◆ PROBLEM REQUIREMENTS ◆
Each record is to be printed exactly as given, down to the last mark.

*** INFORMATION Section Begins ***

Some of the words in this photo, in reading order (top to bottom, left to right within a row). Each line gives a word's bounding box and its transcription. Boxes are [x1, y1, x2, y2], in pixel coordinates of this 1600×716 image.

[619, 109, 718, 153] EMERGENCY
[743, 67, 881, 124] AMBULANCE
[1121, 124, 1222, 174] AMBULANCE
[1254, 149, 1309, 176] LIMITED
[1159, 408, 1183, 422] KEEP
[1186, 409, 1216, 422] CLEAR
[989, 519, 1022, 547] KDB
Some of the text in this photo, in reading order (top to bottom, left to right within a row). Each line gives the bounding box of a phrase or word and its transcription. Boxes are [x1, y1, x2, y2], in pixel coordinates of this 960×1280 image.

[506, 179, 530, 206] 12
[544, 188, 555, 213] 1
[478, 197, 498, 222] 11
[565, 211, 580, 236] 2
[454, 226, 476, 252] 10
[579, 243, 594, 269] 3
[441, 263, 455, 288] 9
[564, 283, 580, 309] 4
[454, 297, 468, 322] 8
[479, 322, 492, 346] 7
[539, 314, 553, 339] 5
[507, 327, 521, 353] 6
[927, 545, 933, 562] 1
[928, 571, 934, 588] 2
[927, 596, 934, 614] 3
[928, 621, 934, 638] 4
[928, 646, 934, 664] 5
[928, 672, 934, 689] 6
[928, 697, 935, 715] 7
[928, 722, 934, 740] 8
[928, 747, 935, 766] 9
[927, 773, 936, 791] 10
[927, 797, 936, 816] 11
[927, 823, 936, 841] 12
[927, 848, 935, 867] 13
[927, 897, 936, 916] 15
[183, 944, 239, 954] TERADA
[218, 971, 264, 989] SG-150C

*** INFORMATION Section Ends ***

◆ ANSWER SPACE ◆
Some of the words in this photo, in reading order (top to bottom, left to right within a row). Each line gives a word's bounding box and its transcription. Boxes are [x1, y1, x2, y2], in pixel coordinates of this 1600×716 image.

[619, 109, 718, 153] EMERGENCY
[743, 67, 881, 124] AMBULANCE
[1121, 124, 1222, 174] AMBULANCE
[1254, 149, 1309, 176] LIMITED
[1159, 408, 1183, 422] KEEP
[1186, 409, 1216, 422] CLEAR
[989, 519, 1022, 547] KDB
Some of the text in this photo, in reading order (top to bottom, left to right within a row). Each line gives the bounding box of a phrase or word and its transcription. Boxes are [x1, y1, x2, y2], in pixel coordinates of this 960×1280 image.

[506, 179, 530, 206] 12
[544, 188, 555, 213] 1
[478, 197, 498, 222] 11
[565, 211, 580, 236] 2
[454, 226, 476, 252] 10
[579, 243, 594, 269] 3
[441, 263, 455, 288] 9
[564, 283, 580, 309] 4
[454, 297, 468, 322] 8
[479, 322, 492, 346] 7
[539, 314, 553, 339] 5
[507, 327, 521, 353] 6
[927, 545, 933, 562] 1
[928, 571, 934, 588] 2
[927, 596, 934, 614] 3
[928, 621, 934, 638] 4
[928, 646, 934, 664] 5
[928, 672, 934, 689] 6
[928, 697, 935, 715] 7
[928, 722, 934, 740] 8
[928, 747, 935, 766] 9
[927, 773, 936, 791] 10
[927, 797, 936, 816] 11
[927, 823, 936, 841] 12
[927, 848, 935, 867] 13
[927, 897, 936, 916] 15
[183, 944, 239, 954] TERADA
[218, 971, 264, 989] SG-150C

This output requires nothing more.